[Opening LISTED ENTRIES section]

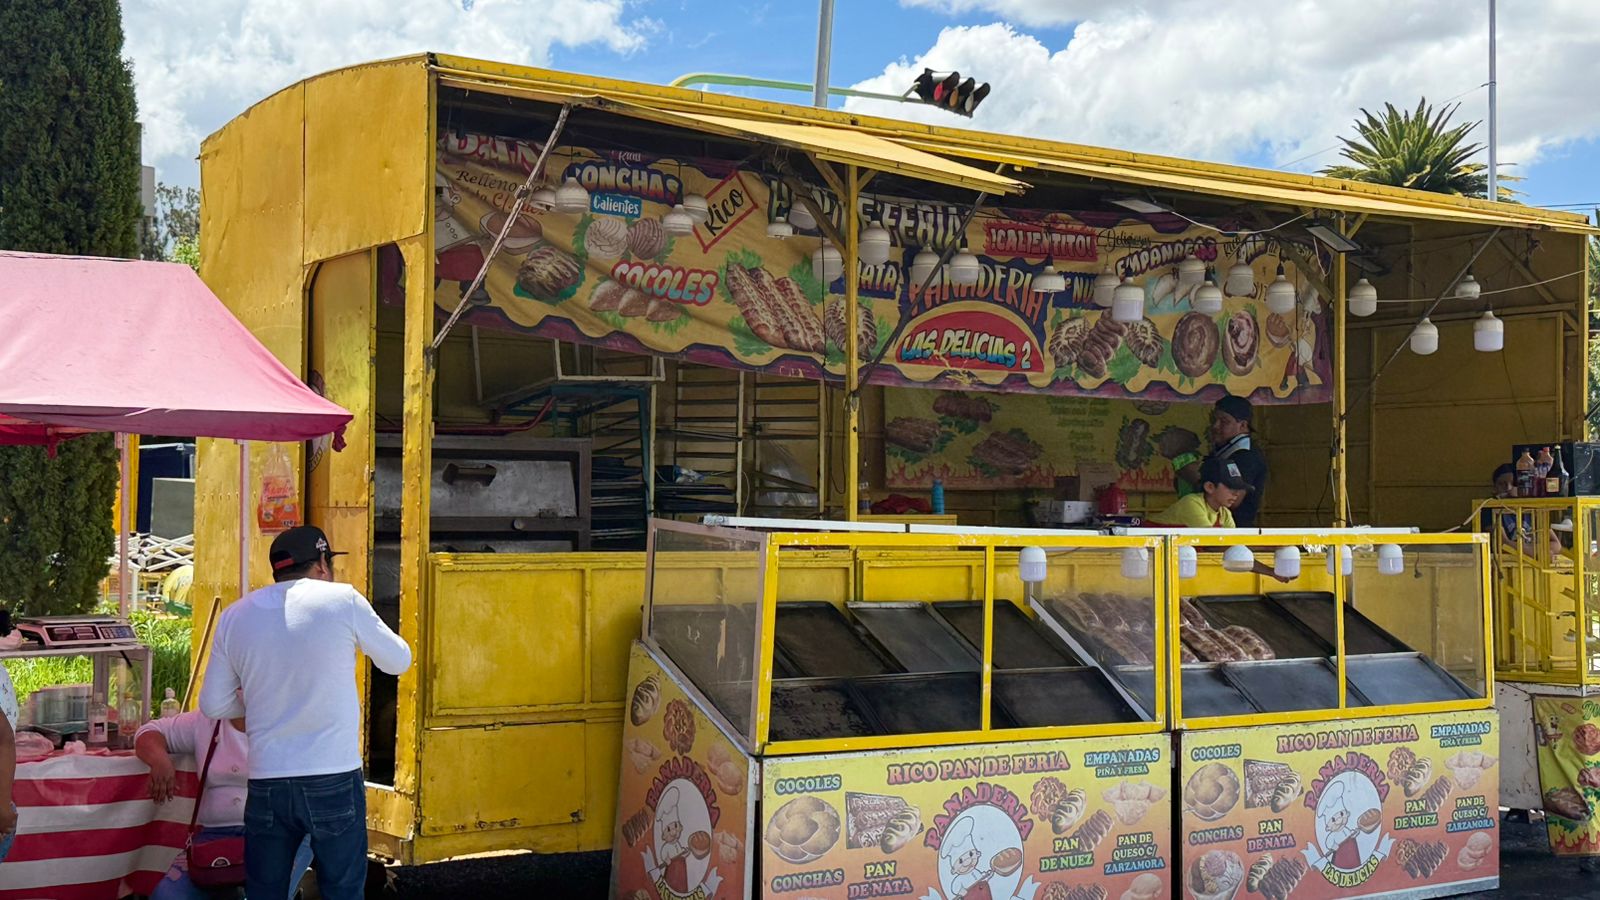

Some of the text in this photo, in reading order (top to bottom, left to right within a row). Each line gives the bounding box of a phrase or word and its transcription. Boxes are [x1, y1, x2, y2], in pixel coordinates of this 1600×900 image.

[456, 170, 518, 192] Relleno
[592, 194, 640, 215] Calientes
[704, 189, 744, 237] Rico
[613, 262, 718, 304] COCOLES
[901, 329, 1032, 369] LAS DELICIAS 2
[1277, 724, 1419, 753] RICO PAN DE FERIA
[1430, 721, 1490, 738] EMPANADAS
[1084, 748, 1160, 767] EMPANADAS
[1191, 744, 1242, 761] COCOLES
[887, 751, 1071, 785] RICO PAN DE FERIA
[1096, 764, 1149, 778] PIÑA Y FRESA
[774, 773, 842, 795] COCOLES
[1304, 751, 1390, 810] PANADERIA
[1405, 798, 1427, 814] PAN
[1456, 795, 1485, 808] PAN DE
[924, 782, 1034, 850] PANADERIA
[1394, 812, 1439, 830] DE NUEZ
[1452, 806, 1489, 821] QUESO C/
[1258, 818, 1283, 835] PAN
[1446, 817, 1495, 833] ZARZAMORA
[1053, 837, 1080, 853] PAN
[1117, 832, 1153, 847] PAN DE
[1189, 826, 1244, 845] CONCHAS
[1247, 834, 1296, 853] DE NATA
[1040, 852, 1094, 872] DE NUEZ
[1112, 844, 1157, 862] QUESO C/
[864, 858, 897, 880] PAN
[1104, 857, 1166, 875] ZARZAMORA
[1321, 855, 1380, 887] LAS DELICIAS
[771, 868, 844, 892] CONCHAS
[848, 877, 914, 899] DE NATA
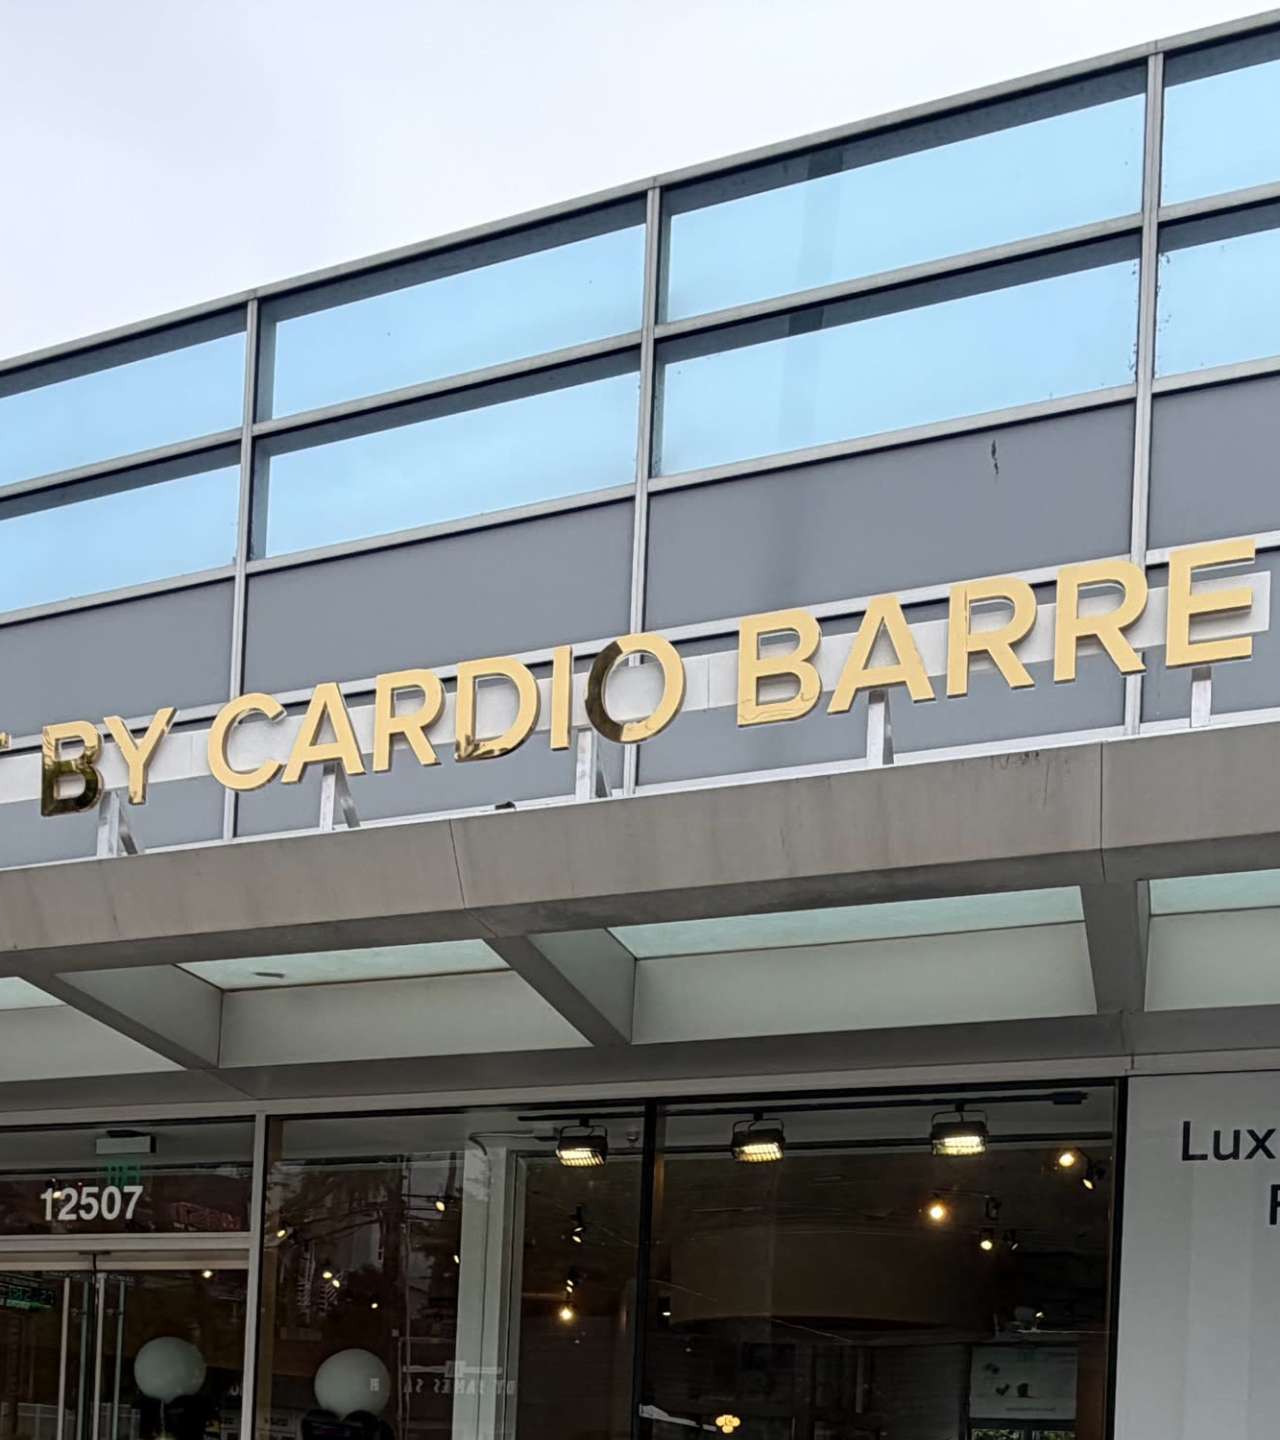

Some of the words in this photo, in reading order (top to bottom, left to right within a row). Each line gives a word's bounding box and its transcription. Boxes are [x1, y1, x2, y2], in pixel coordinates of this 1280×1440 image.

[41, 707, 176, 817] BY
[207, 631, 686, 791] CARDIO
[737, 539, 1255, 727] BARRE
[40, 1186, 144, 1221] 12507
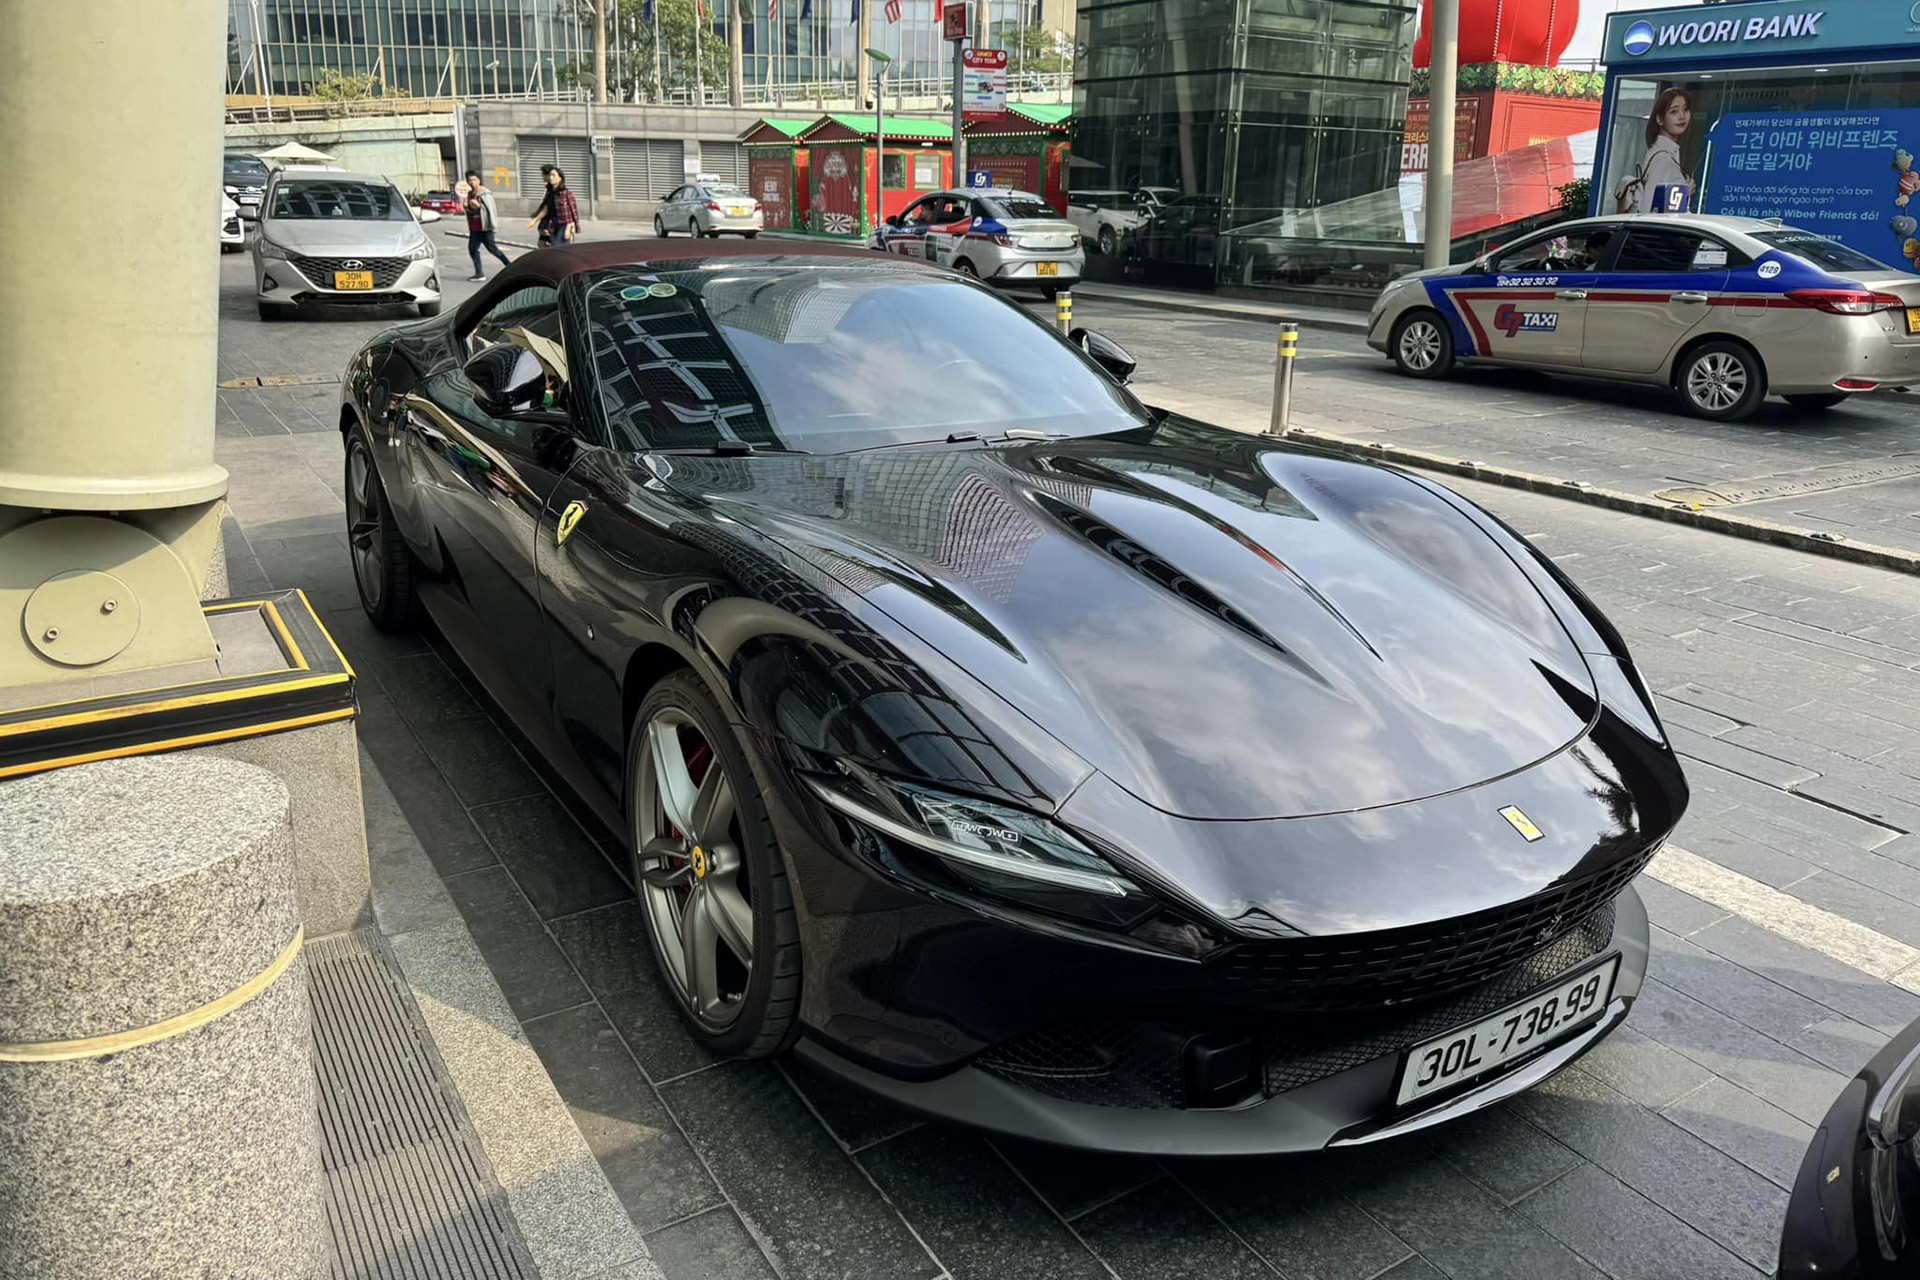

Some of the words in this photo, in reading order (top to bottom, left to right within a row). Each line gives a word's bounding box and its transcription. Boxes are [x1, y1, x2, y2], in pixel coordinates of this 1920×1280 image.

[1657, 18, 1741, 46] WOORI
[1744, 12, 1825, 40] BANK
[1771, 118, 1793, 127] 당신의
[1795, 117, 1831, 127] 금융생활이
[1833, 116, 1880, 126] 달달해졌다면
[1403, 132, 1429, 143] 크리스
[1732, 131, 1765, 149] 그건
[1770, 131, 1804, 149] 아마
[1807, 130, 1898, 149] 위비프렌즈
[1729, 152, 1813, 171] 때문일거야
[1724, 185, 1733, 193] Từ
[1734, 185, 1745, 193] khi
[1746, 185, 1762, 193] nào
[1778, 185, 1798, 195] sống
[1836, 186, 1854, 195] của
[1855, 186, 1873, 196] bạn
[1721, 207, 1734, 216] Có
[1749, 207, 1759, 217] là
[1784, 209, 1816, 219] Wibee
[1819, 210, 1857, 220] Friends
[1860, 211, 1879, 220] đó!
[345, 272, 361, 280] 30H
[1545, 276, 1559, 286] 32
[1523, 313, 1557, 326] TAXI
[1417, 974, 1601, 1087] 30L-738.99
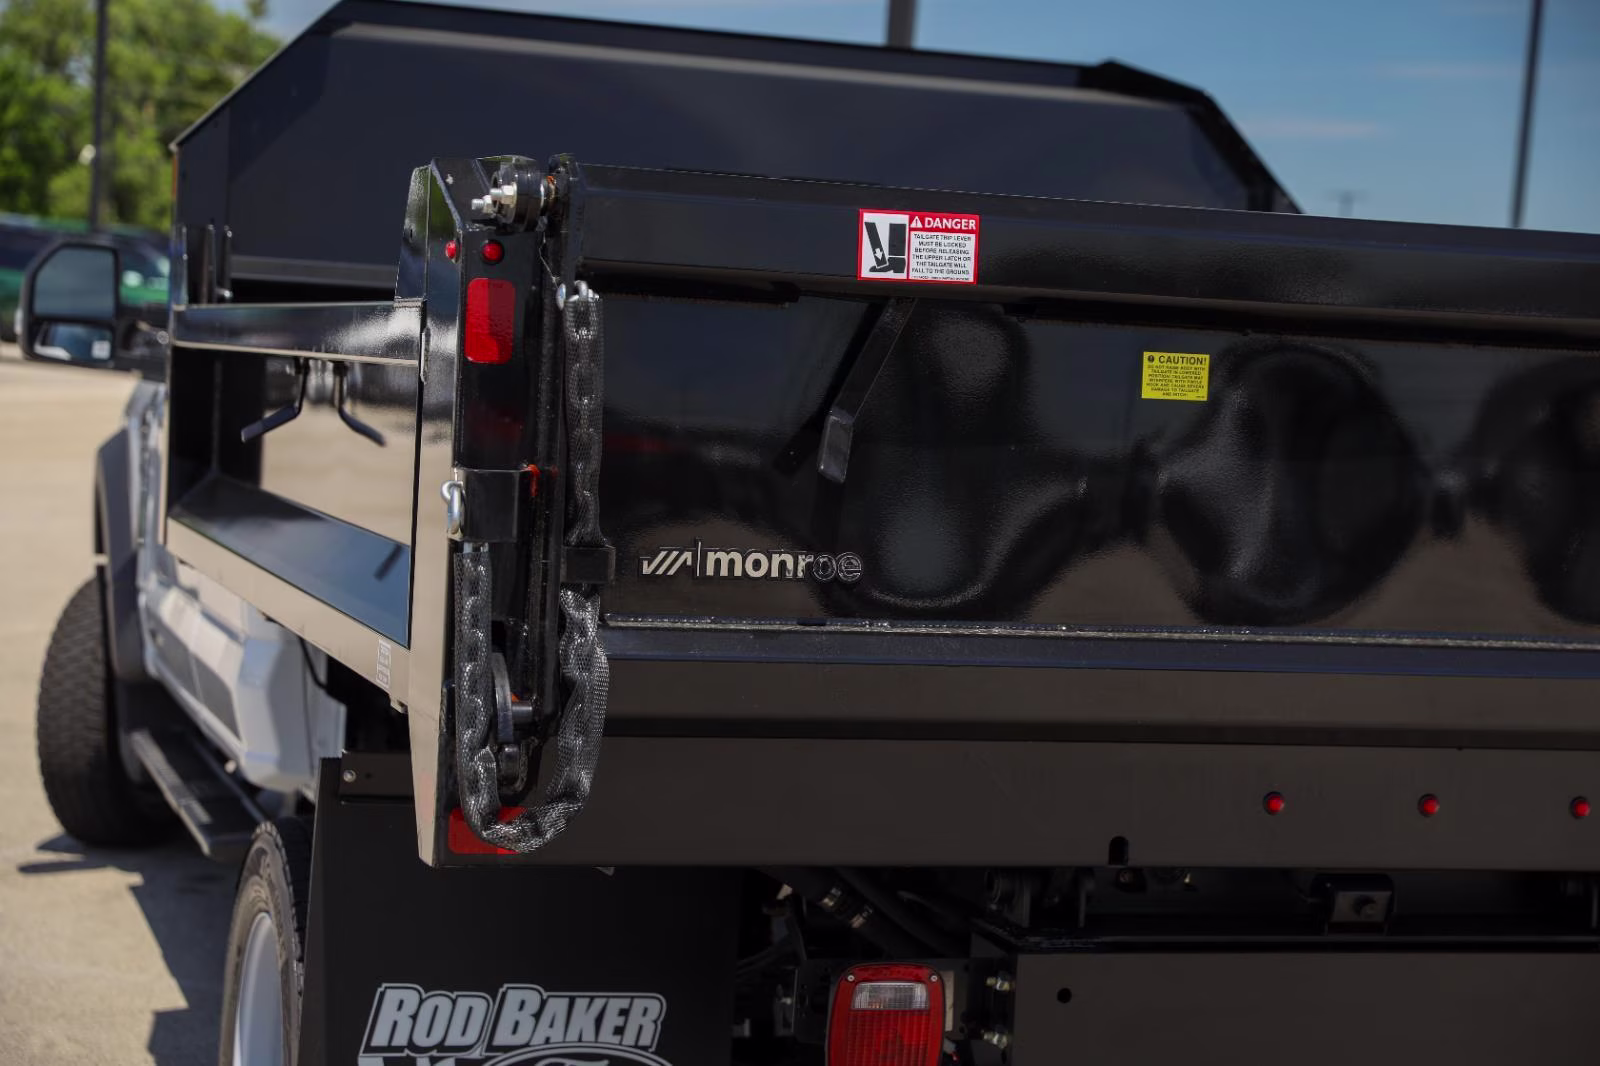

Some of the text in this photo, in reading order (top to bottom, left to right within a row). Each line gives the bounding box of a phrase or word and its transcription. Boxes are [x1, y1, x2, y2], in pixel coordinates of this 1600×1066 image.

[924, 217, 977, 230] DANGER
[914, 233, 940, 241] TAILGATE
[1158, 355, 1207, 365] CAUTION!
[705, 549, 863, 582] monroe
[368, 986, 663, 1048] ROD BAKER

[Closing LISTED ENTRIES section]

» ABOUT THIS TASK
If the records include pictures, omit them and transcribe everything else exactly.

» TASK SOLUTION
Some of the text in this photo, in reading order (top to bottom, left to right within a row). Each line gives the bounding box of a phrase or word and its transcription. Boxes are [x1, y1, x2, y2], in pixel coordinates of this 1600×900 image.

[456, 170, 518, 192] Relleno
[592, 194, 640, 215] Calientes
[704, 189, 744, 237] Rico
[613, 262, 718, 304] COCOLES
[901, 329, 1032, 369] LAS DELICIAS 2
[1277, 724, 1419, 753] RICO PAN DE FERIA
[1430, 721, 1490, 738] EMPANADAS
[1084, 748, 1160, 767] EMPANADAS
[1191, 744, 1242, 761] COCOLES
[887, 751, 1071, 785] RICO PAN DE FERIA
[1096, 764, 1149, 778] PIÑA Y FRESA
[774, 773, 842, 795] COCOLES
[1304, 751, 1390, 810] PANADERIA
[1405, 798, 1427, 814] PAN
[1456, 795, 1485, 808] PAN DE
[924, 782, 1034, 850] PANADERIA
[1394, 812, 1439, 830] DE NUEZ
[1452, 806, 1489, 821] QUESO C/
[1258, 818, 1283, 835] PAN
[1446, 817, 1495, 833] ZARZAMORA
[1053, 837, 1080, 853] PAN
[1117, 832, 1153, 847] PAN DE
[1189, 826, 1244, 845] CONCHAS
[1247, 834, 1296, 853] DE NATA
[1040, 852, 1094, 872] DE NUEZ
[1112, 844, 1157, 862] QUESO C/
[864, 858, 897, 880] PAN
[1104, 857, 1166, 875] ZARZAMORA
[1321, 855, 1380, 887] LAS DELICIAS
[771, 868, 844, 892] CONCHAS
[848, 877, 914, 899] DE NATA

Some of the words in this photo, in reading order (top to bottom, left to right within a row). Each line gives a word's bounding box and its transcription. Boxes are [x1, y1, x2, y2], in pixel coordinates of this 1280×1440 image.

[41, 707, 176, 817] BY
[207, 631, 686, 791] CARDIO
[737, 539, 1255, 727] BARRE
[40, 1186, 144, 1221] 12507

Some of the words in this photo, in reading order (top to bottom, left to right within a row). Each line gives a word's bounding box and its transcription. Boxes are [x1, y1, x2, y2], in pixel coordinates of this 1920×1280 image.

[1657, 18, 1741, 46] WOORI
[1744, 12, 1825, 40] BANK
[1771, 118, 1793, 127] 당신의
[1795, 117, 1831, 127] 금융생활이
[1833, 116, 1880, 126] 달달해졌다면
[1403, 132, 1429, 143] 크리스
[1732, 131, 1765, 149] 그건
[1770, 131, 1804, 149] 아마
[1807, 130, 1898, 149] 위비프렌즈
[1729, 152, 1813, 171] 때문일거야
[1724, 185, 1733, 193] Từ
[1734, 185, 1745, 193] khi
[1746, 185, 1762, 193] nào
[1778, 185, 1798, 195] sống
[1836, 186, 1854, 195] của
[1855, 186, 1873, 196] bạn
[1721, 207, 1734, 216] Có
[1749, 207, 1759, 217] là
[1784, 209, 1816, 219] Wibee
[1819, 210, 1857, 220] Friends
[1860, 211, 1879, 220] đó!
[345, 272, 361, 280] 30H
[1545, 276, 1559, 286] 32
[1523, 313, 1557, 326] TAXI
[1417, 974, 1601, 1087] 30L-738.99

Some of the text in this photo, in reading order (top to bottom, left to right within a row). Each line gives the bounding box of a phrase or word and its transcription. Boxes are [x1, y1, x2, y2], in pixel coordinates of this 1600×1066 image.

[924, 217, 977, 230] DANGER
[914, 233, 940, 241] TAILGATE
[1158, 355, 1207, 365] CAUTION!
[705, 549, 863, 582] monroe
[368, 986, 663, 1048] ROD BAKER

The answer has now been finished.